In fact, they are very much not monsters: while neither Haley nor Dave ever offers a size estimate (because they wouldn't, and the film doesn't like extraneous add-ons), my own sense is that the gators top out at about 12-15 feet. Big, but definitely not bigger than these animals get. And they have such a sense of girth and weight: the animation on the visual effects is remarkable compared to even a very impressively-budgeted studio tentpole, capturing the meaty thickness of the gators and their damp, scaly texture, while contrasting that to the easy menace with which they float through water. In one very critical respect, the effects fall short: the gators are a bit too well-lit and oddly untroubled by the hazy air in the crawlspace, and for all that they convince as large, terrifying predators, they don't convince as large, terrifying predators who physically exist anywhere remotely near Kaya Scodelario. Which is not a little deal.

Still, can I pretend it's a big deal that I actually cared about, moment-by-moment? Only sometimes. Other times, I was too busy being carried along by Aja's skillful staging of gloomy mystery and jump scares (the film makes good use of the curious trait of gators on land - they are huge, heavy creatures that can still lunge like nobody's business, but they can't really keep up speed past that lunge), plus his complete commitment to subjectively yoking us to Haley. And that works because of Scodelario's hugely engaging performance, all sweat and strained expressions of adrenaline-fueled alertness: it's a combination of threadbare physical and a steel core of resolve that's not so much "I am an unbreakable movie hero" as "I'm definitely going to die, but I'm going to make the motherfuckers work for it". Plus, there's a tetchy, flinty quality to her performance that makes her seem not completely likable, and rather too short-tempered and stubborn to become a terrified victim (the film is never first operating as a character drama, though part of what makes it pleasurable is how authentic the two main characters feel, and part of that authenticity is that they both definitely come across as prone to be being button-pushing assholes, thanks to a pair of unsentimental performances). All of which suggests that Haley views the gators as a very real threat, but not an existential terror, and the movie does fantastic work in making us adopt that viewpoint for ourselves, largely by never offering another one. So we're constantly invested in the omnipresent danger they represented, even if, viewed coldly and clinically, the obvious CGI effects can't really endanger anybody.

So really, what else do you need? Good, menacing creatures, a well-etched character to fight them off, with just enough emotional baggage foregrounded that we feel she's a real human, but not so much that we start caring more about the daddy/daughter conflict than the much more present problems of hurricanes and alligators. A bit more complicated than Godard's "a girl and a gun" philosophy, but the point is the same: put a recognisable, relatable protagonist in a perilous situation that has a chain of clearly-defined challenges to resolve, and we're going to root for her and absorb some of that peril into ourselves, for at least a bit.
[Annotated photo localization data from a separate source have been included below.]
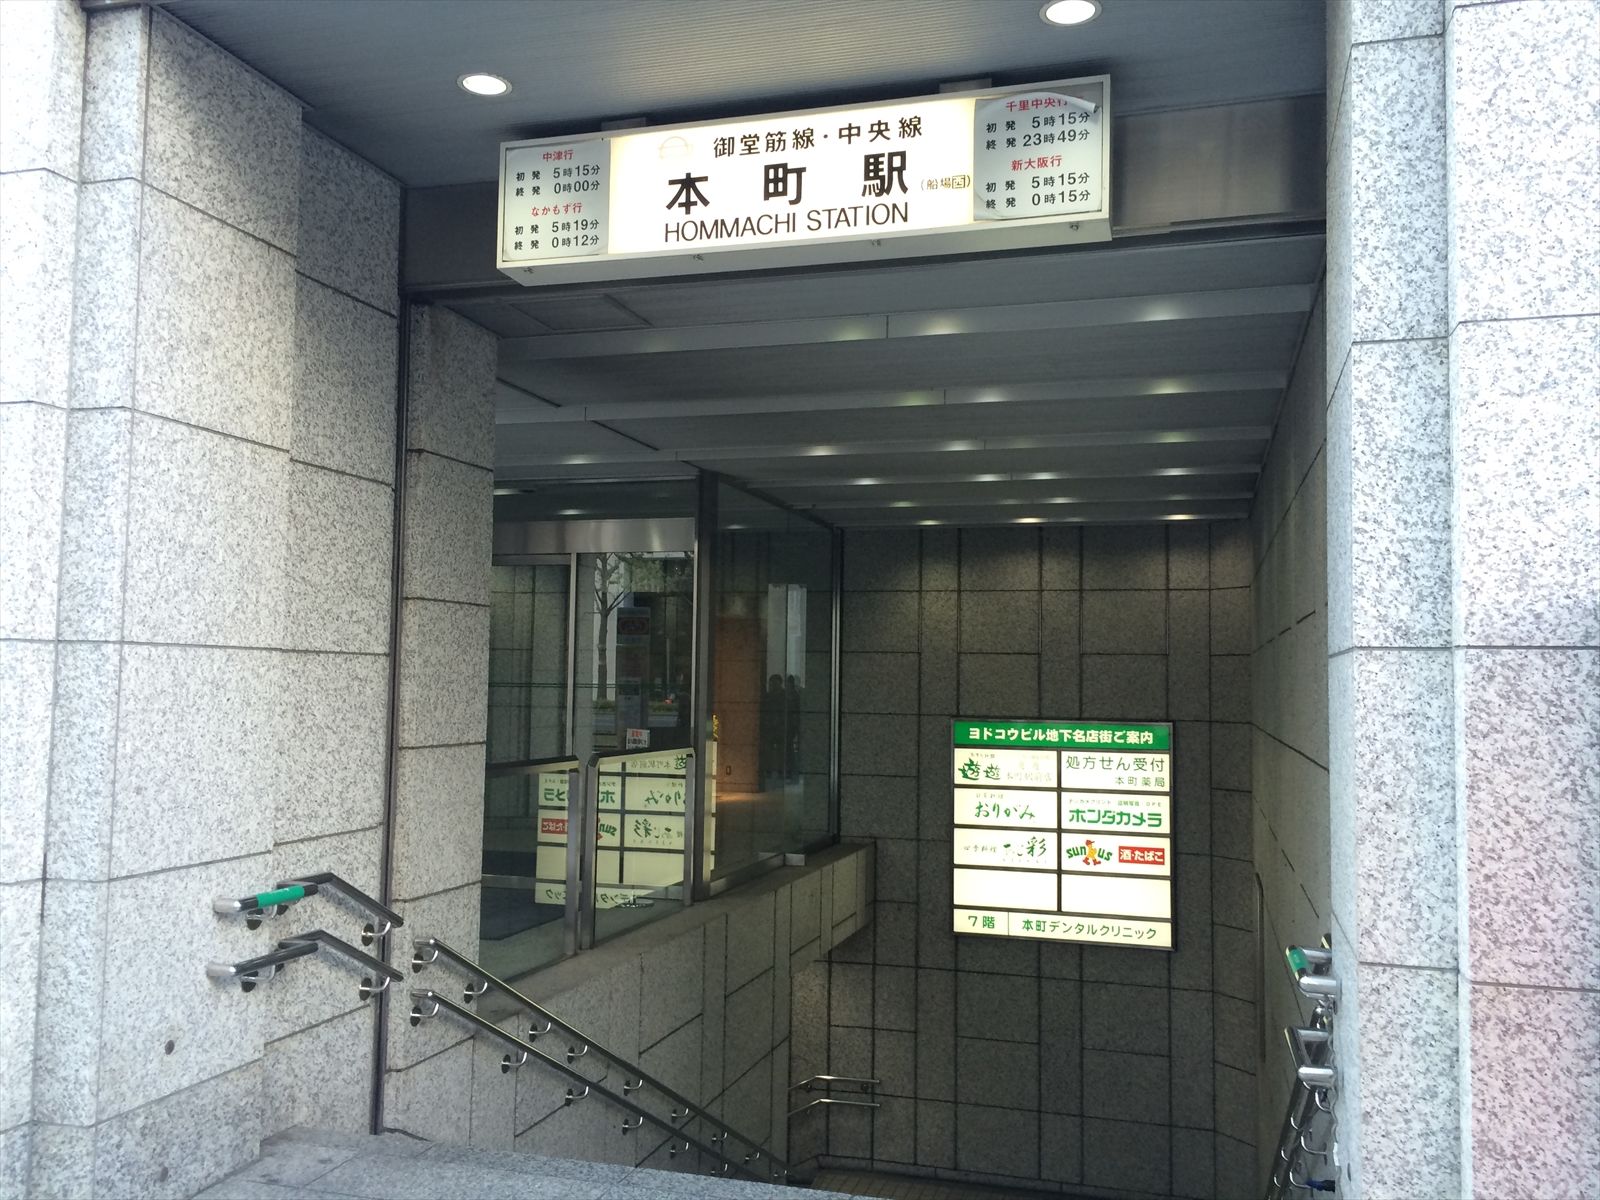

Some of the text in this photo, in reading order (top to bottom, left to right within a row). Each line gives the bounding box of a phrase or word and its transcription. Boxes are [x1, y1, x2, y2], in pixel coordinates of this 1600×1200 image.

[713, 116, 922, 158] 御堂筋線・中央線
[542, 149, 574, 162] 中津行
[1011, 155, 1063, 171] 新大阪行
[531, 202, 583, 216] なかもず行
[664, 202, 909, 243] HOMMACHI STATION
[968, 727, 1154, 745] ヨドコウビル地下名店街ご案内
[1066, 755, 1165, 773] 処方せん受付
[1115, 776, 1165, 787] 本町薬局
[1069, 809, 1163, 828] ホンダカメラ
[967, 915, 996, 929] 7階
[1022, 919, 1157, 940] 本町デンタルクリニック
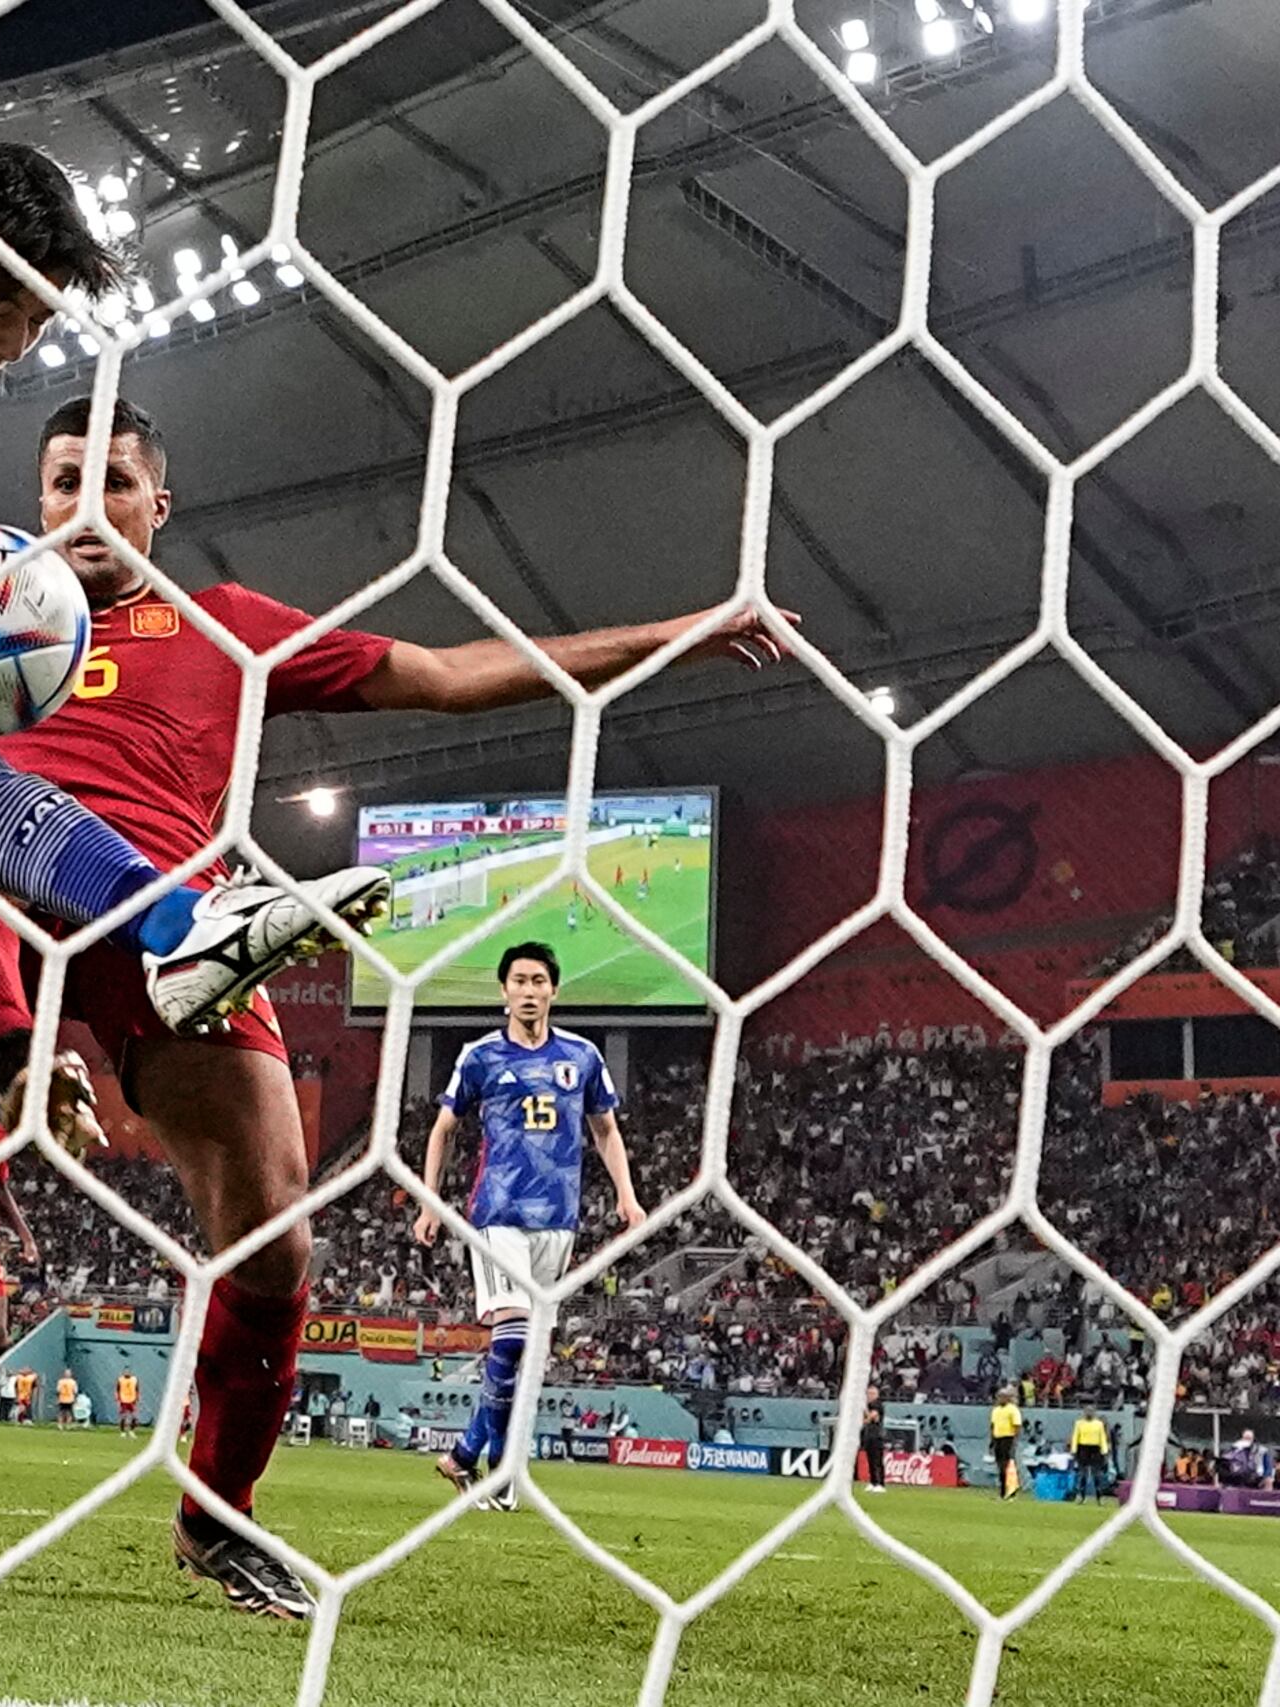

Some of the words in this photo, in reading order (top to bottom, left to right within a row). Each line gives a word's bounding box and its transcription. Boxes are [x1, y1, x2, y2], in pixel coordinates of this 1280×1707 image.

[73, 646, 119, 699] 6
[521, 1095, 556, 1131] 15
[614, 1439, 682, 1466] Budweiser
[726, 1449, 769, 1470] WANDA
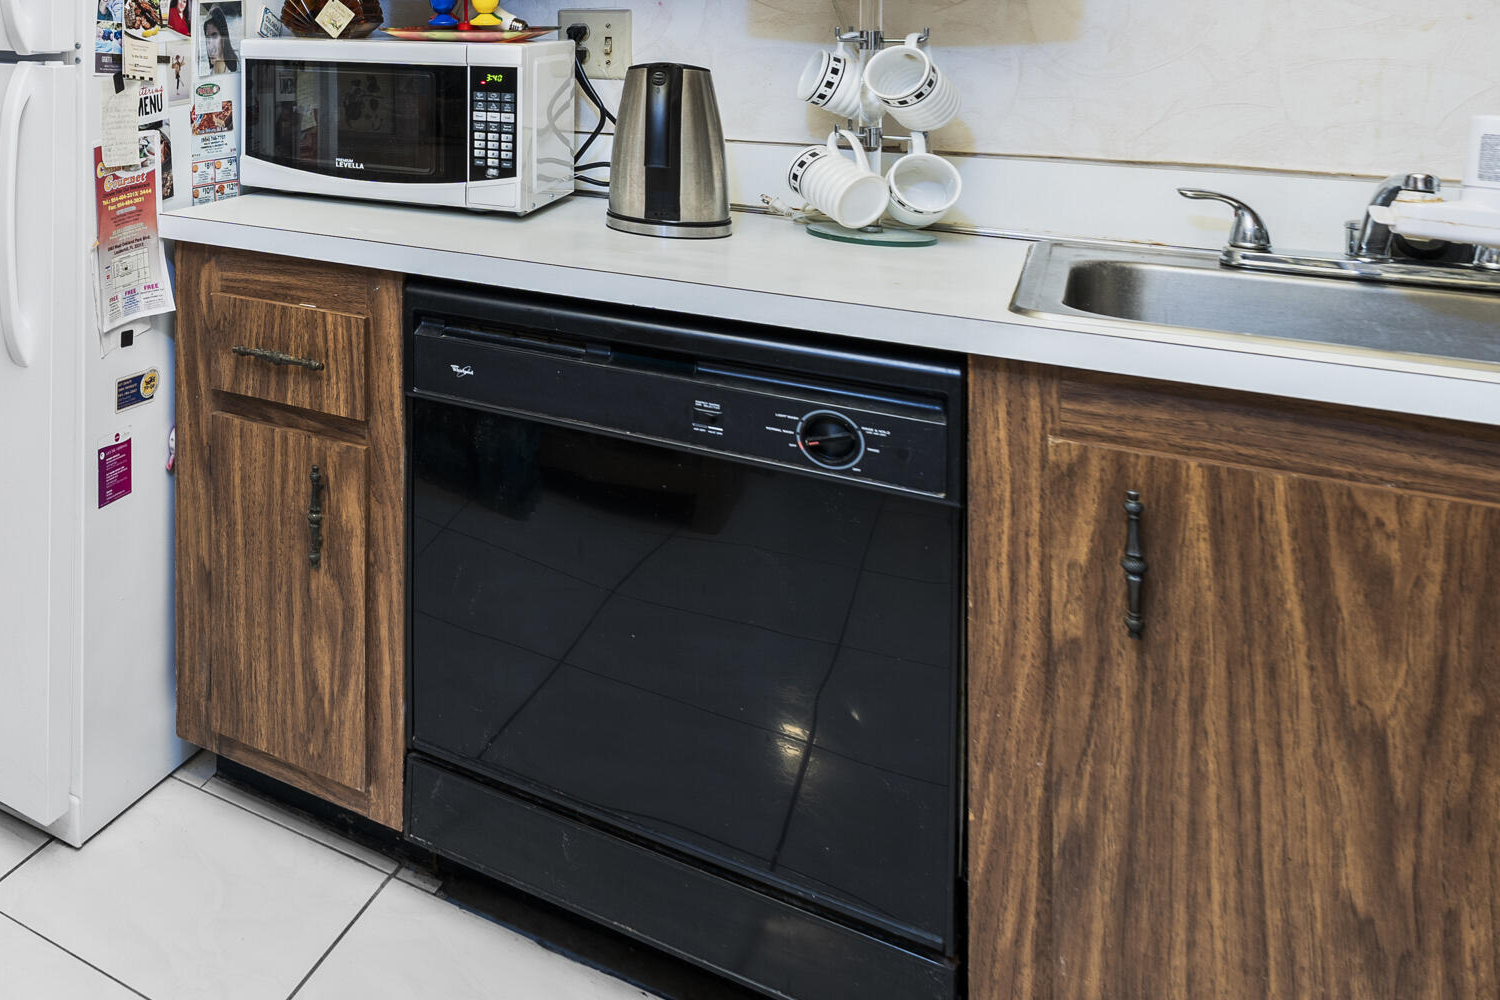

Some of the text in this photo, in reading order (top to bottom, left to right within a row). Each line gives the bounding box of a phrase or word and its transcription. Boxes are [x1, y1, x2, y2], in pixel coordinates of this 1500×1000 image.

[336, 161, 364, 170] LEVELLA
[104, 172, 147, 193] Gourmet
[143, 282, 160, 291] FREE
[124, 287, 137, 296] FREE
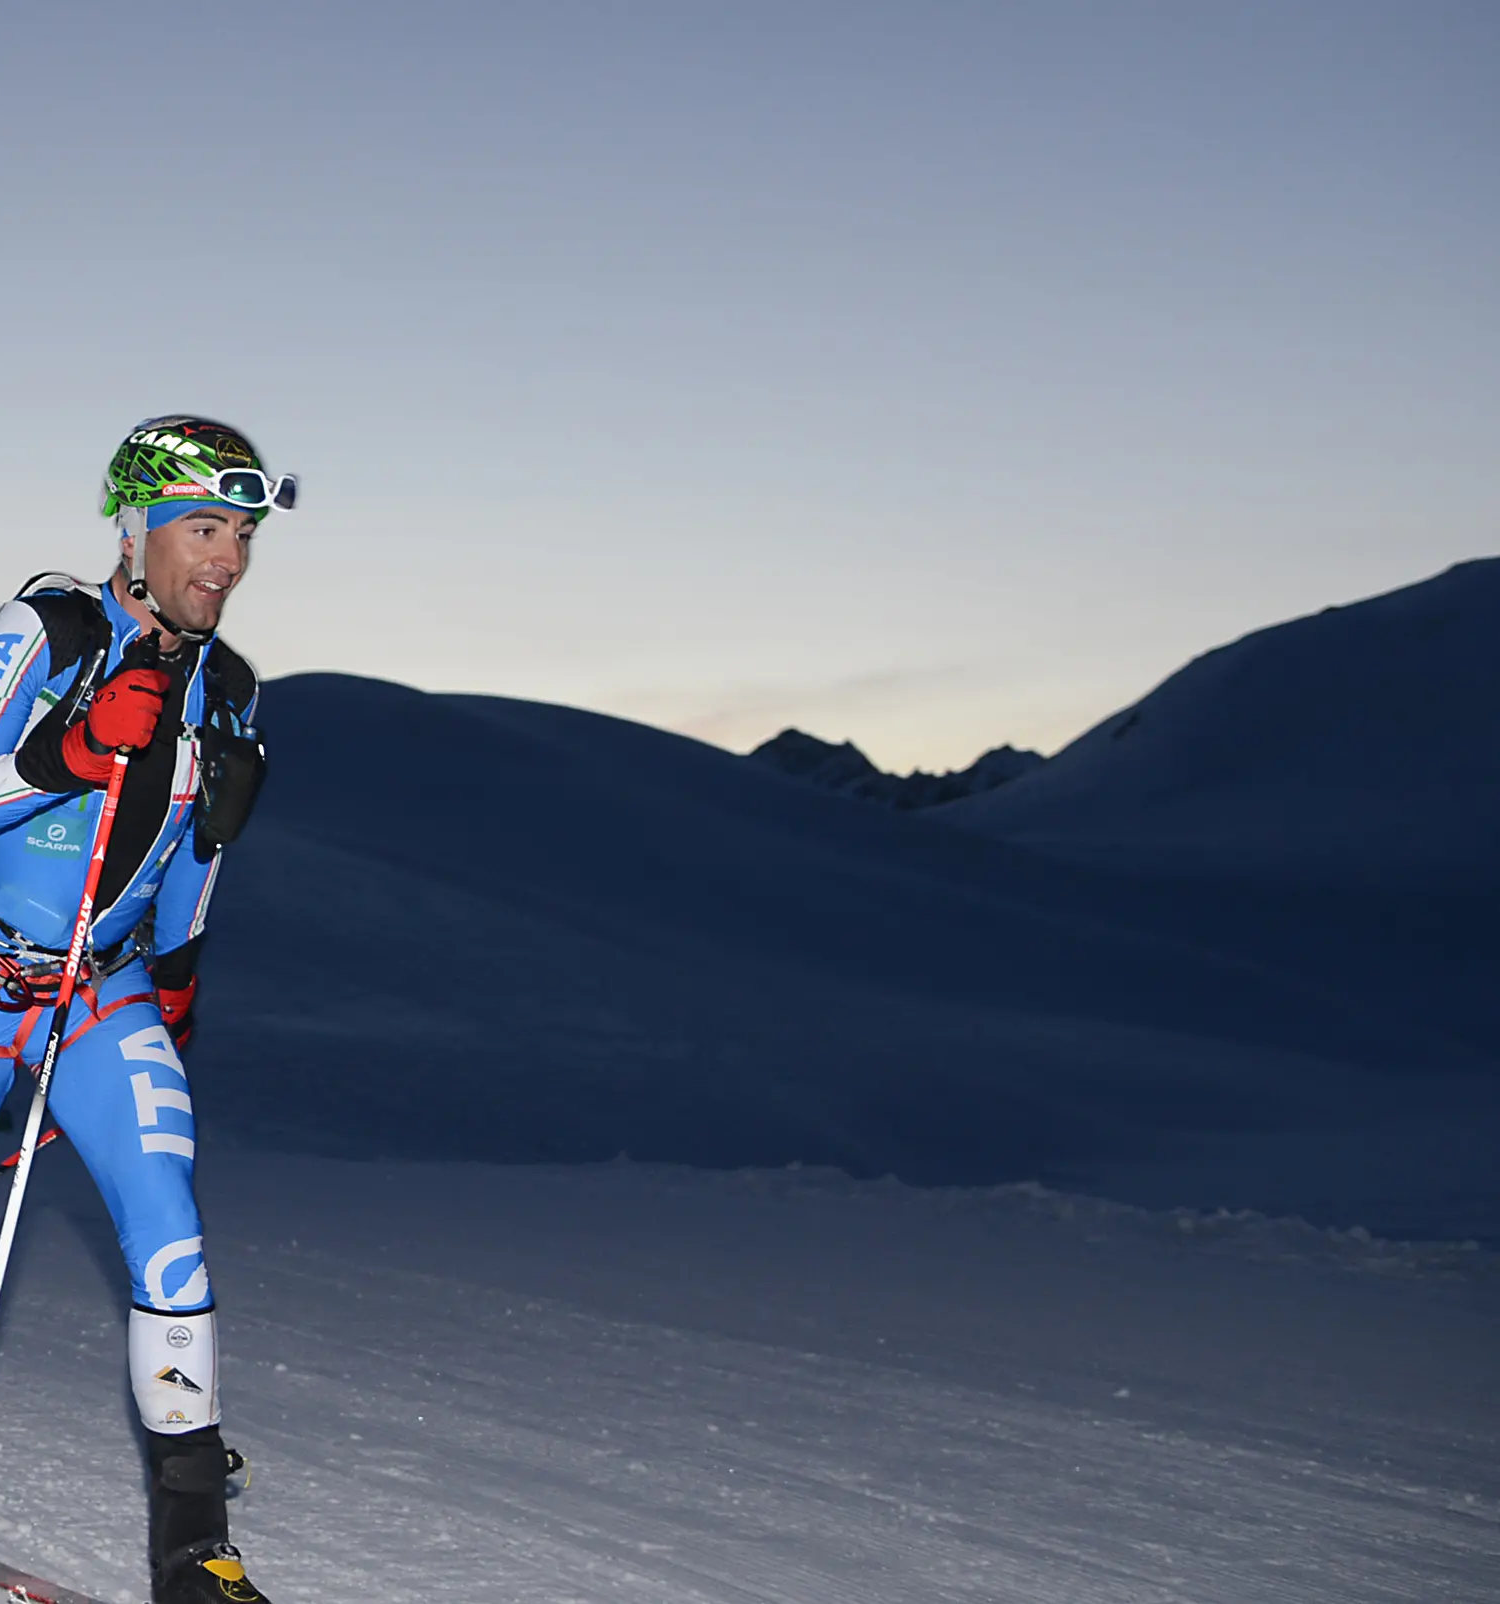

Dress it up with the inborn mammalian fascination with and terror of giant monkey-eating lizards, and you have yourself a movie. It artlessly leaves the mechanics right on the surface - shit, it basically isn't anything but mechanics - but Crawl's simplicity, clarity, and thick atmosphere add up to one of the most effortlessly pleasurable films of the year to date. It's just so instantly, primordially satisfying, and a lot of movies have been having a big problem that lately.